You'll find that your problem is most likely the one many of us GenII owners have faced before, it's due to the cheap-ass underrated wiring Yami used for this circuit.

The solution is to bypass the OEM wiring going from the R/R to the Battery with a min. 12AGW wiring, for both +ve & -ve leads. You can choose to use either a regular fuse or a circuit breaker (they are both about the same size).

Dcarver did a lot of research on this a few years back and has documented it very well on the forum, I just don't have a chance right now to search for it.

You can of course scrounge up the needed parts from eBay, etc. or Jack makes a complete plug & play kit for this with the circuit breaker included.

Super harness with 30 amp circuit breaker

https://roadstercycle.com/index.htm

Super_harness_cb_wb_irf.jpg

Thanks!

So I have found the R/R. Looking from the left side of the bike, which connector is the output? Left or right? (Damn I wish I had my SM!) I assume I unplug the output connector and check voltage on the R/R where I unplugged it? From my forum search, I should have 15.4V.
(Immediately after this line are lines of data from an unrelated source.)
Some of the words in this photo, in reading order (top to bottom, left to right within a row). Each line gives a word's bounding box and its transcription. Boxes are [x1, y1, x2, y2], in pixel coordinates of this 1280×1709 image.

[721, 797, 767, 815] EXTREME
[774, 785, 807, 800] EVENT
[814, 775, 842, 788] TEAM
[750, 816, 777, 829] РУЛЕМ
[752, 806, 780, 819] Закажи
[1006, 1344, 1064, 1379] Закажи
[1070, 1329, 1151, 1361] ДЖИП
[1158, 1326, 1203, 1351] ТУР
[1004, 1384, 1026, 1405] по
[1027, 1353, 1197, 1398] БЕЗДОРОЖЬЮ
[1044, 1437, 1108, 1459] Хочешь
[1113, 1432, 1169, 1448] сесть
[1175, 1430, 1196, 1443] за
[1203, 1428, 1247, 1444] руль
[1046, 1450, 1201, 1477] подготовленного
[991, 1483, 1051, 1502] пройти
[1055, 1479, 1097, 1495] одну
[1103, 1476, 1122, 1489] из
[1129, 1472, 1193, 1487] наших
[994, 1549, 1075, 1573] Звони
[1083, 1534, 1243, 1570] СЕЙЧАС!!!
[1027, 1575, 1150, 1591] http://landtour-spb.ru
Yes, I have a trusted technical source within Yamaha who was almost willing to bet me it was degraded wiring from the R/R to the battery. (The same thing happened to his '06 FJR) I am getting 13.1-13.4v at the battery terminals.
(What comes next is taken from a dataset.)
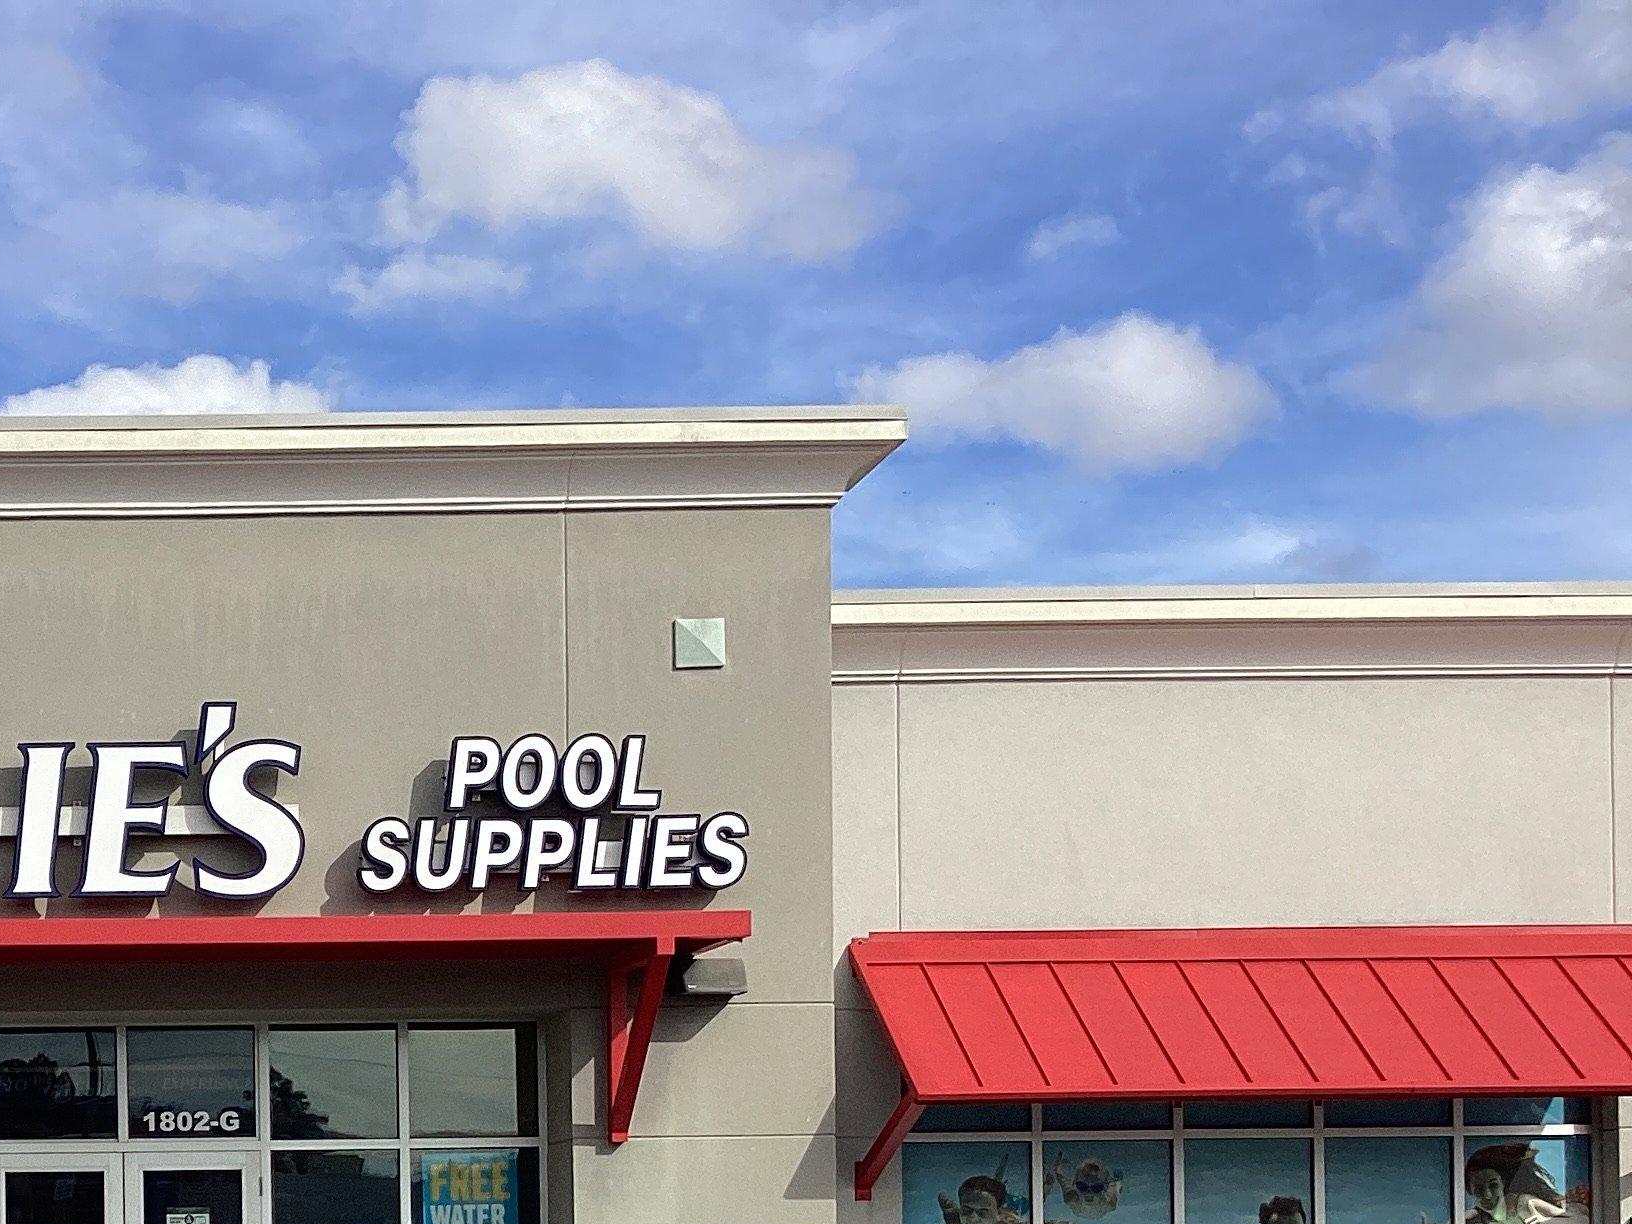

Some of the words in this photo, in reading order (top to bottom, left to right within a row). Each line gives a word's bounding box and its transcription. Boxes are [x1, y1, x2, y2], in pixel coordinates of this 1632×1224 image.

[445, 733, 662, 812] POOL
[357, 812, 749, 893] SUPPLIES
[143, 1110, 240, 1132] 1802-G
[430, 1161, 510, 1201] FREE
Since I am going through a move it's difficult to work on my own shit right now, and will be for some time. The 09 was a few days within the 5 year Y.E.S so I took it to a dealer. I told them what was going on and what I suspected. After having it two weeks they returned it to me and told me everything checked out ok - 14.0+ volts everywhere. WTF?!?!?!?! Before I left I had the service manager check the battery terminal charging voltage and his POS voltmeter was bouncing around but reading around 13.4v. He just stared blankly at me. Fuck them, I brought it home and verified I am still at a charging voltage of 13.1-13.4v at the battery terminals. I want to verify my R/R output voltage is correct so I can take it back to them and tell them to fix this POS Gen II FJR correctly this time and do it for goddamned free under the extended warranty!!! Grrrrr.......

Perhaps I'll just fix it myself with that nifty kit you provided info for. Thanks! But this weekend the g/f, I, and her 21 year old son move into an 1100 sf apartment with no freaking garage until we find a house to buy. My life sucks. I keep telling myself that in 3-6 months all will be good.
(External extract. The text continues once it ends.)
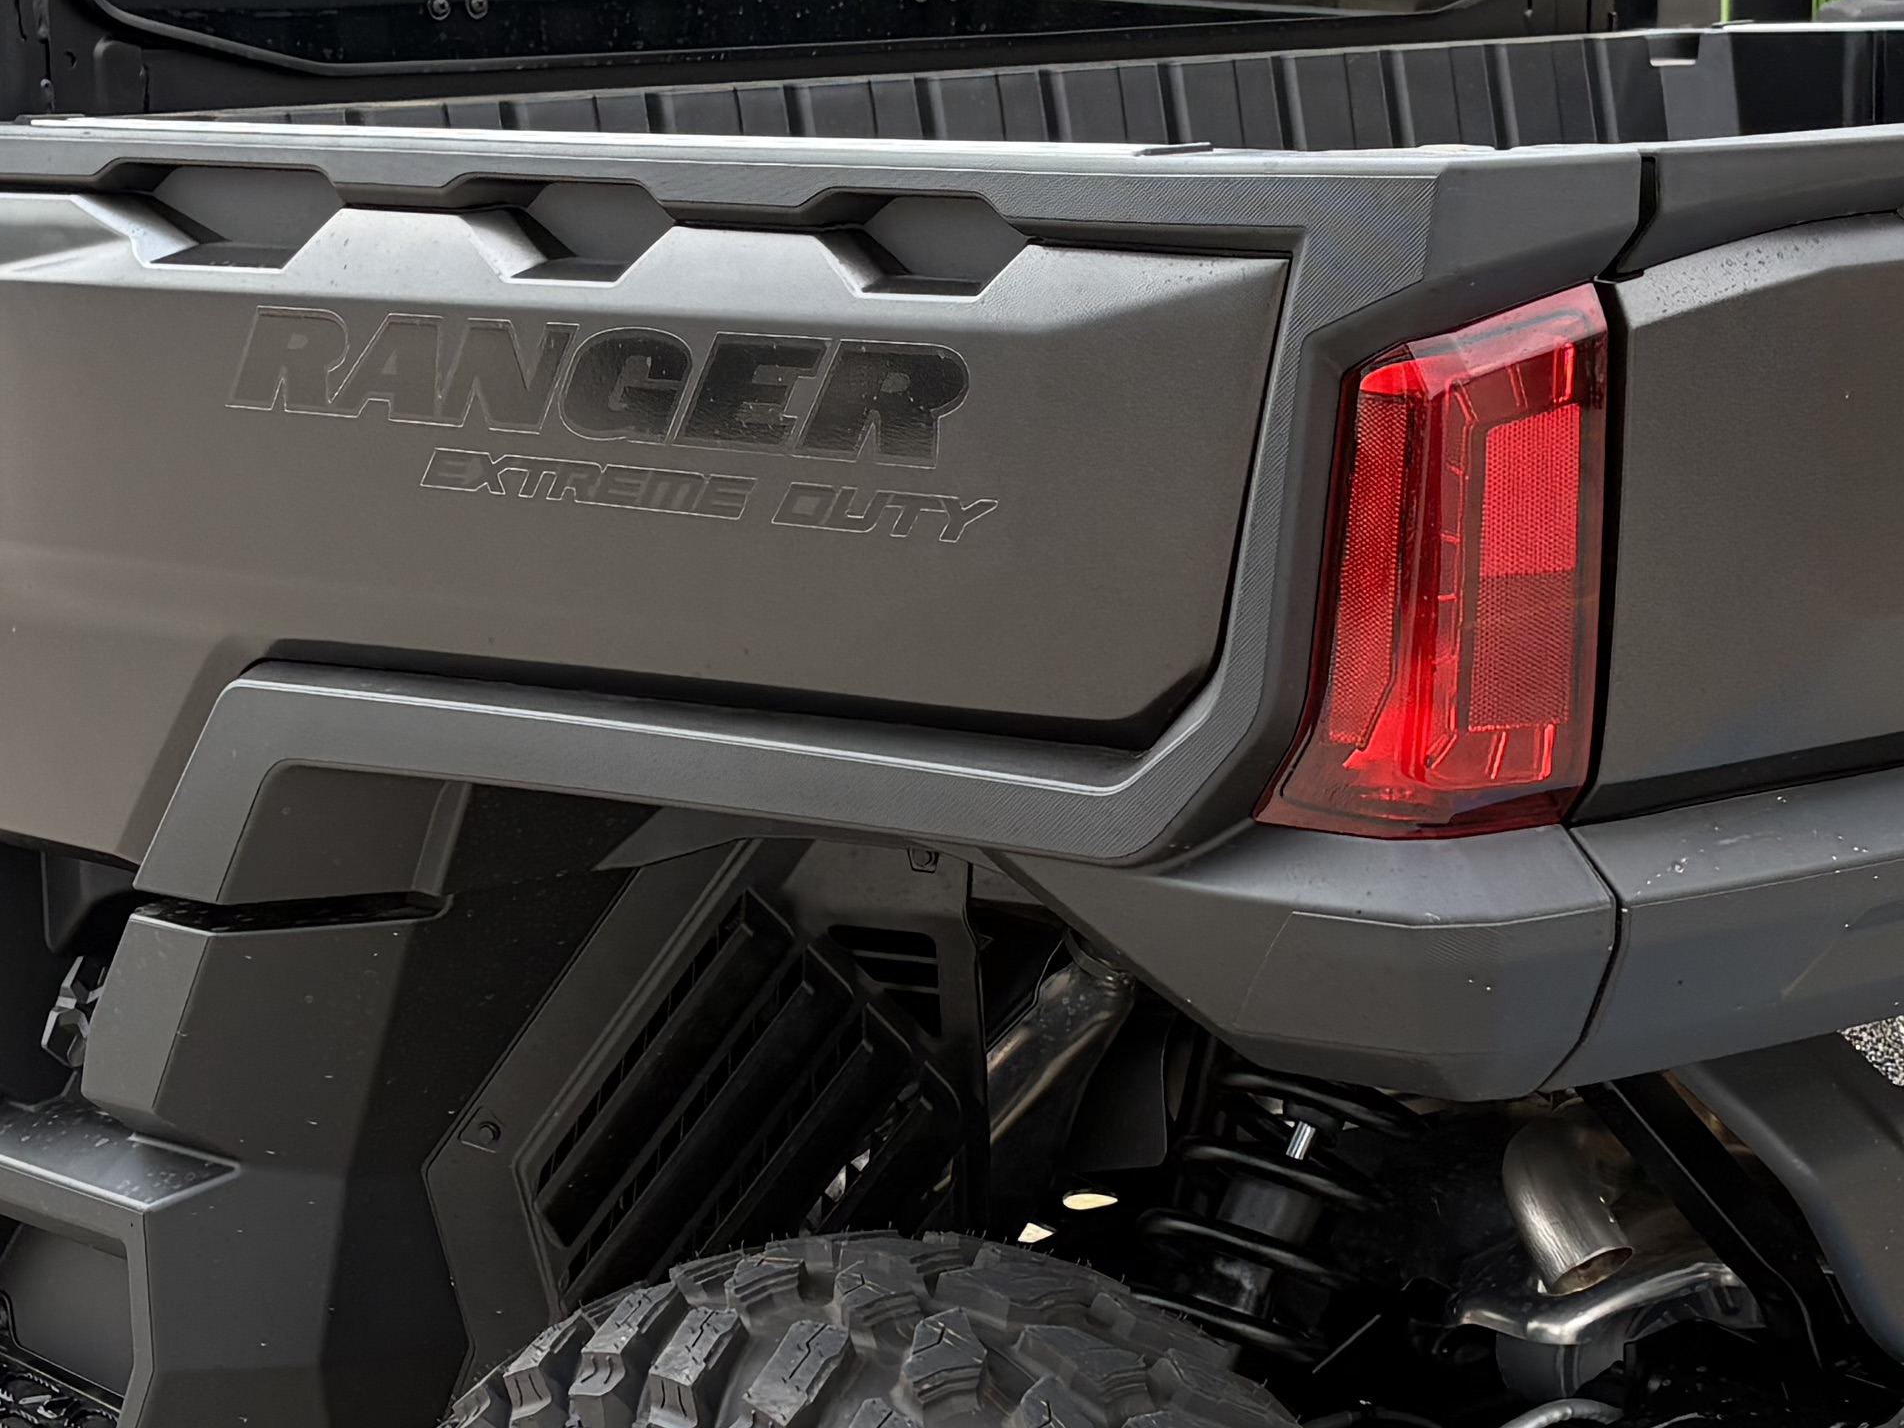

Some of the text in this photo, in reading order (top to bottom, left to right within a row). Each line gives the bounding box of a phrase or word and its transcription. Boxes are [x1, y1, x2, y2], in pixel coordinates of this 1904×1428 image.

[227, 305, 970, 468] RANGER
[419, 447, 998, 544] EXTREME DUTY
I vaguely remember Carver's thread and the wealth of research and information it supplied but as of yet haven't found it.
@ScooterG, just buy the R/R kit I linked to from Jack and install it, it's really easy (pretty much plug & play) so you will not need much in the way of tools. I opted for the 50A circuit breaker (and 10AWG wires) rather than the 30A one he's got listed, you just need to ask him for the 50A version... Honestly I think 12AWG wires with the 30A breaker will be totally sufficient.

If you do this mod It will be a one-time permanent fix!

I've had this setup running for over 100k miles now, and am always getting around 14.2V on the Datel with the normal load, well plus a bunch of little farkles that are always on. Even with the 2x30W LED Aux lights and the Baja HID lights on I still get around 13.9-14V at the Datel at around 2500+ RPM.
There comes a point, and we've passed it, of diminishing returns. Given this logic, why not get a kit with 00AWG and a 1000 amp breaker?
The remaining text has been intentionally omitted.